Clostridial enteritis

A number of clostridial organisms have been isolated from various ratite species, including Clostridium perfringens, C. colinum, C. chauvoei and C. difficile. There is no published information on the frequency of isolation of Clostridium spp. from the intestinal tract of normal ratites, but clostridial enteritis usually occurs following proliferation of a toxin-forming Clostridium spp. in other avian species. Diagnosis of clostridial enteritis is usually made at necropsy through microbiological identification. Anaerobic culture methods should be recommended by the clinical veterinarian if such procedures are not commonly performed on bacterial culture specimens by the diagnostic laboratory. Outbreaks of clostridial infections can be treated with the addition of zinc bacitracin in feed at a rate of 30 g/ton (27).

 Infectious coryza

Haemophilus spp. are transmitted horizontally and have been isolated from ostriches in Israel. Clinical signs are concentrated in the upper respiratory system and are treated with appropriate antibiotics from microbiological culture, and antibiotic sensitivity results. Proper management and quarantine of newly-acquired birds will reduce the risk of exposure and infection from this bacterial organism.

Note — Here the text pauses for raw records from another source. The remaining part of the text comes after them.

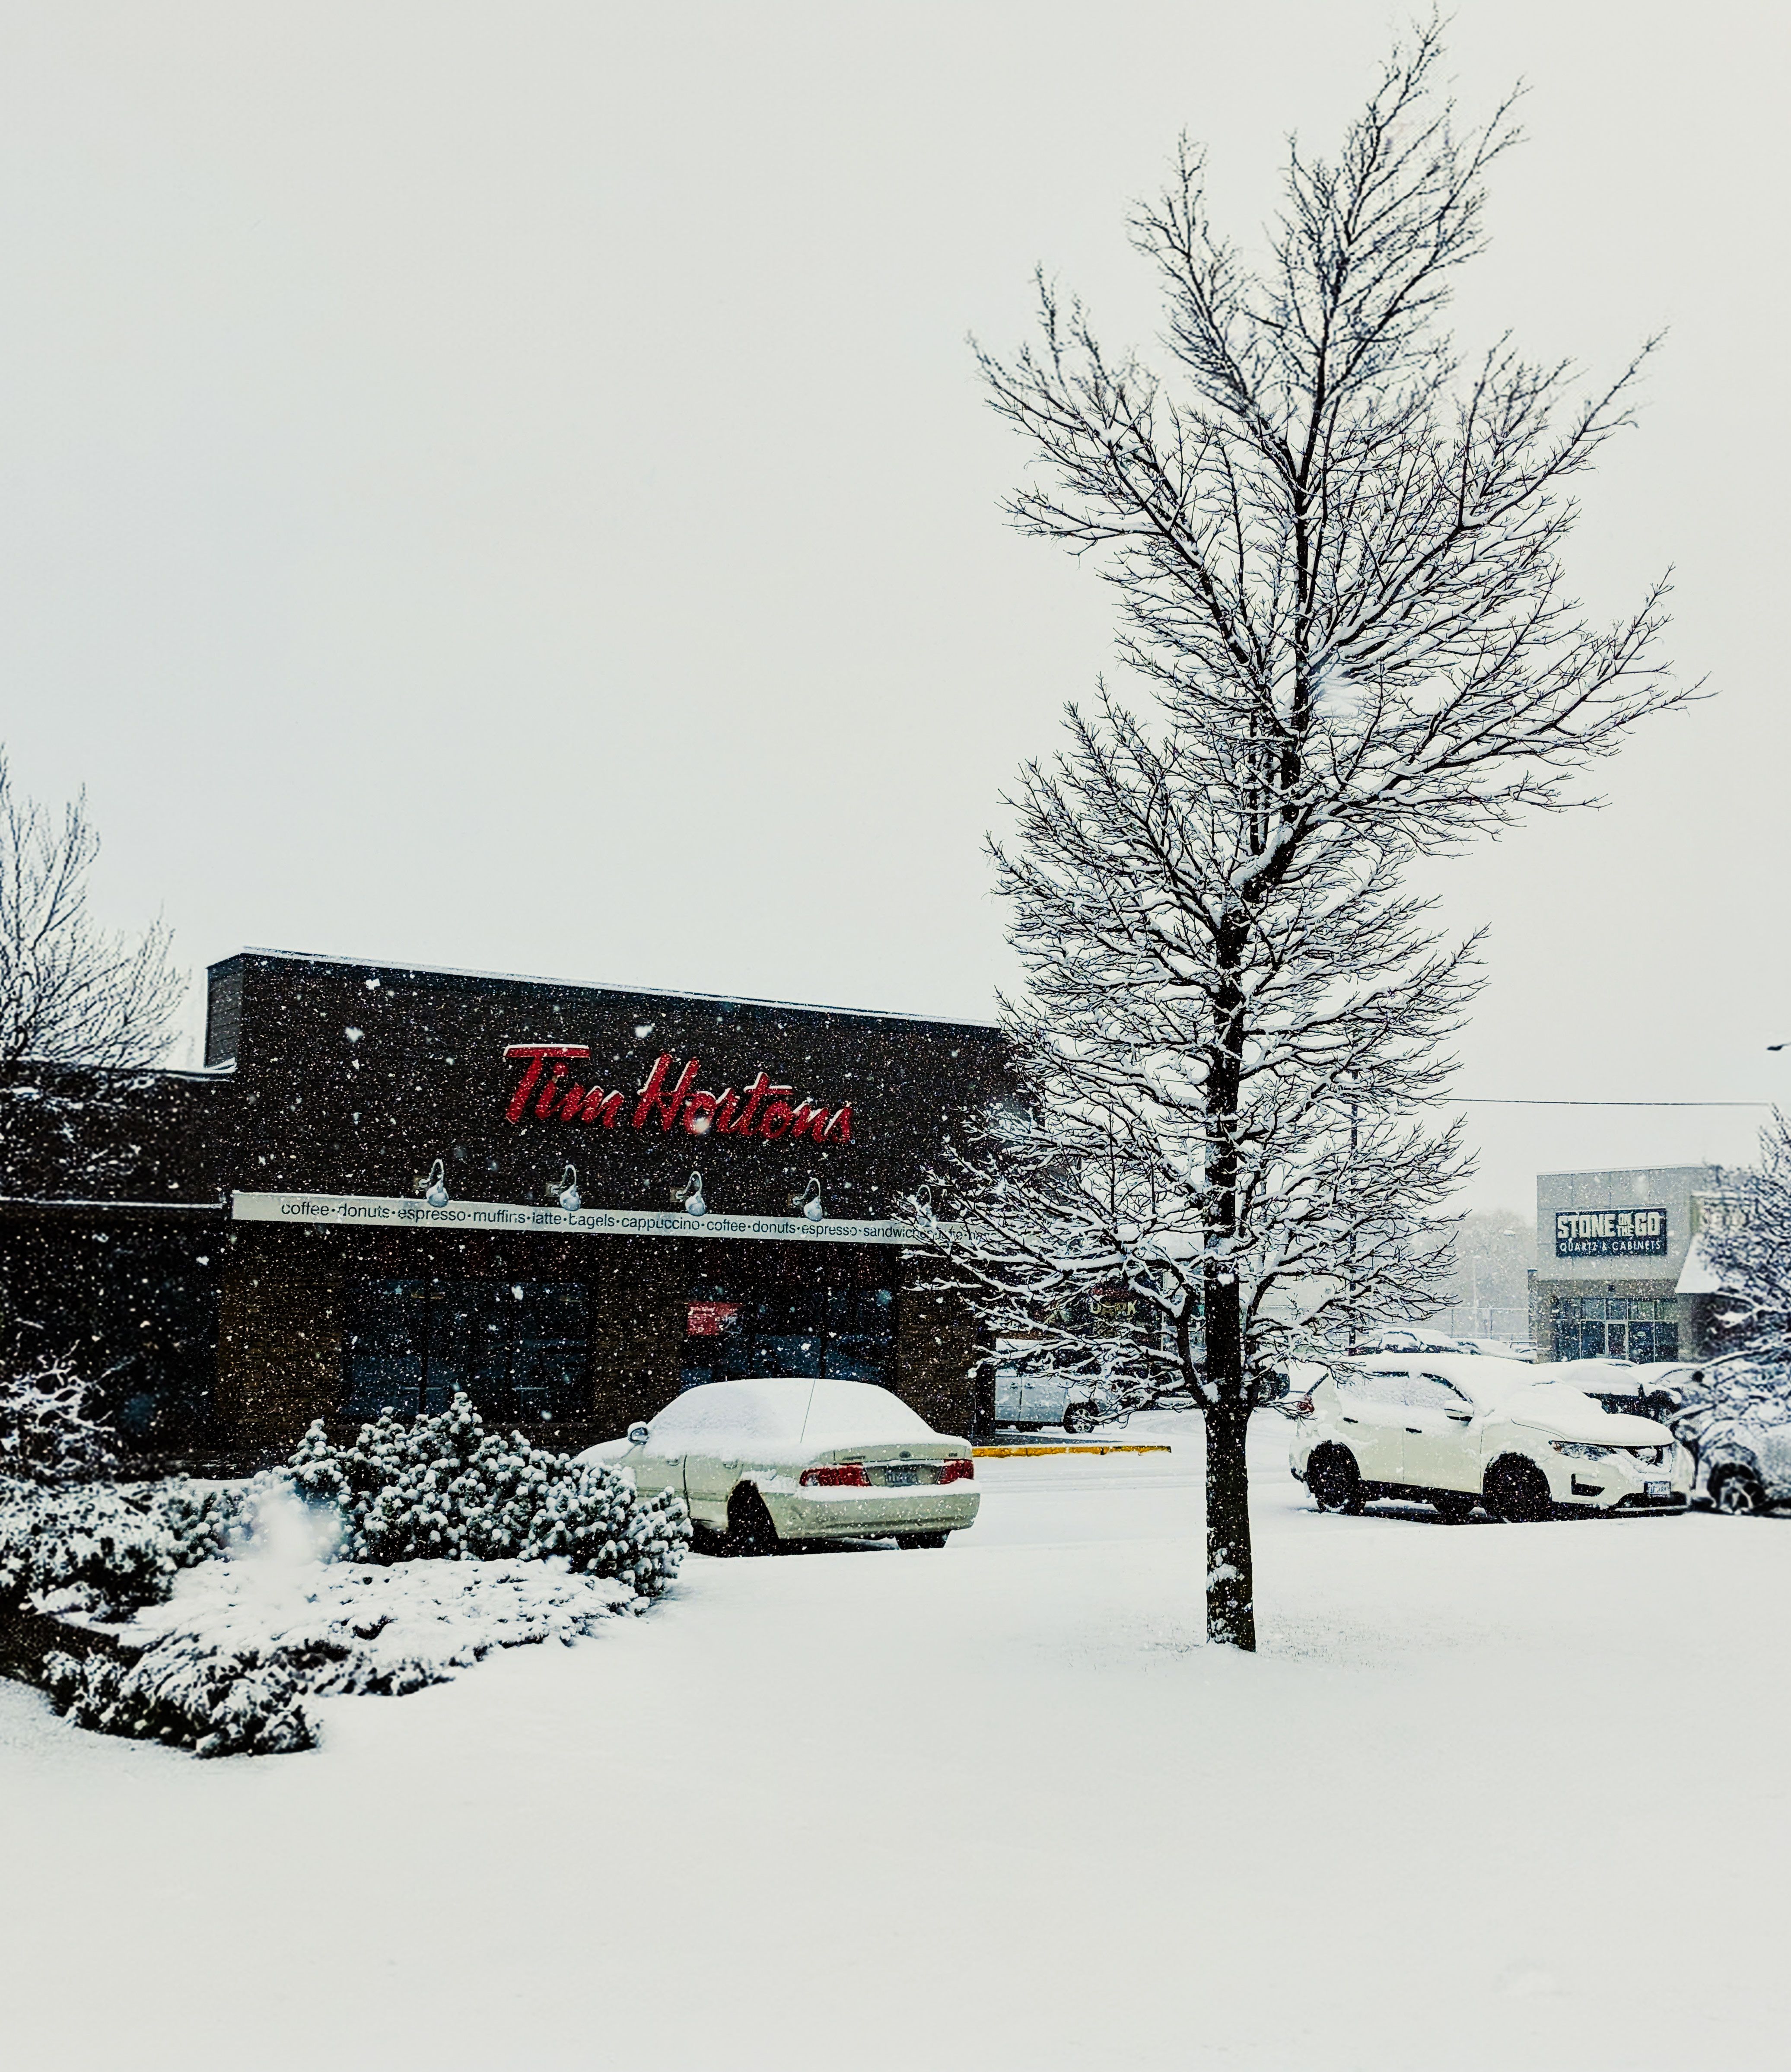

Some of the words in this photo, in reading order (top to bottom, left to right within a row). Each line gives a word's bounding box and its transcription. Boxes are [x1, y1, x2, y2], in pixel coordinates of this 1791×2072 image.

[503, 1044, 624, 1127] Tim
[632, 1052, 853, 1143] Hortons
[281, 1202, 329, 1216] coffee
[338, 1203, 390, 1218] donuts
[398, 1209, 466, 1223] espresso
[474, 1209, 525, 1223] muffins
[532, 1212, 561, 1225] latte
[569, 1213, 614, 1229] bagels
[622, 1217, 700, 1231] cappuccino
[707, 1219, 746, 1232] coffee
[753, 1221, 795, 1233] donuts
[802, 1225, 857, 1237] espresso
[1557, 1214, 1616, 1238] STONE
[1616, 1225, 1635, 1237] THE
[1618, 1213, 1632, 1225] ON
[1635, 1212, 1660, 1236] GO
[1560, 1241, 1597, 1253] QUARTZ
[1602, 1241, 1609, 1251] &
[1612, 1240, 1661, 1251] CABINETS
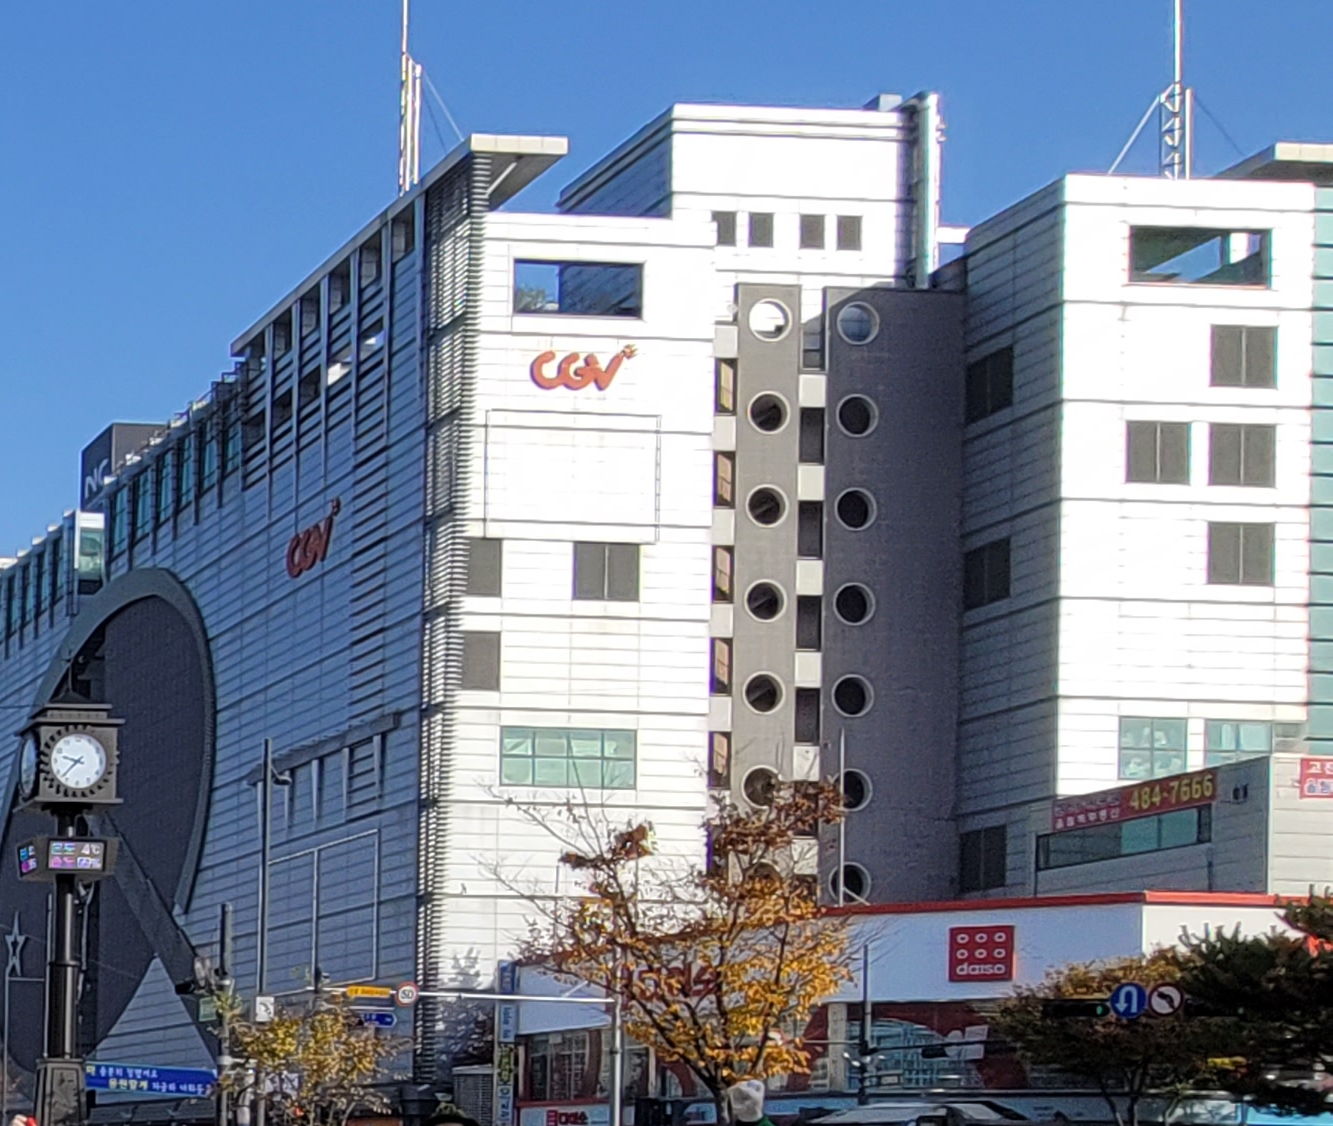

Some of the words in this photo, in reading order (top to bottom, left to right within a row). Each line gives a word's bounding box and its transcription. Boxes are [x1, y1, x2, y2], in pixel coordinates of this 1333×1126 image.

[530, 348, 627, 391] CGV
[286, 503, 336, 578] CGV
[1129, 774, 1214, 811] 484-7666
[956, 961, 1006, 977] daiso

Although rare, Bacillus anthracis has been diagnosed in South African ostriches. In areas where anthrax has been identified as a cause of livestock deaths, ratite producers are advised to have any bird which dies peracutely necropsied by a veterinarian or pathologist, due to the highly zoonotic nature of this organism. Diagnosis is usually made at necropsy. Affected birds have extreme splenomegaly, hepatomegaly and vascular congestion (27). There is no treatment for this disease, and ostriches or other ratite species should not be maintained on farms with a history of anthrax.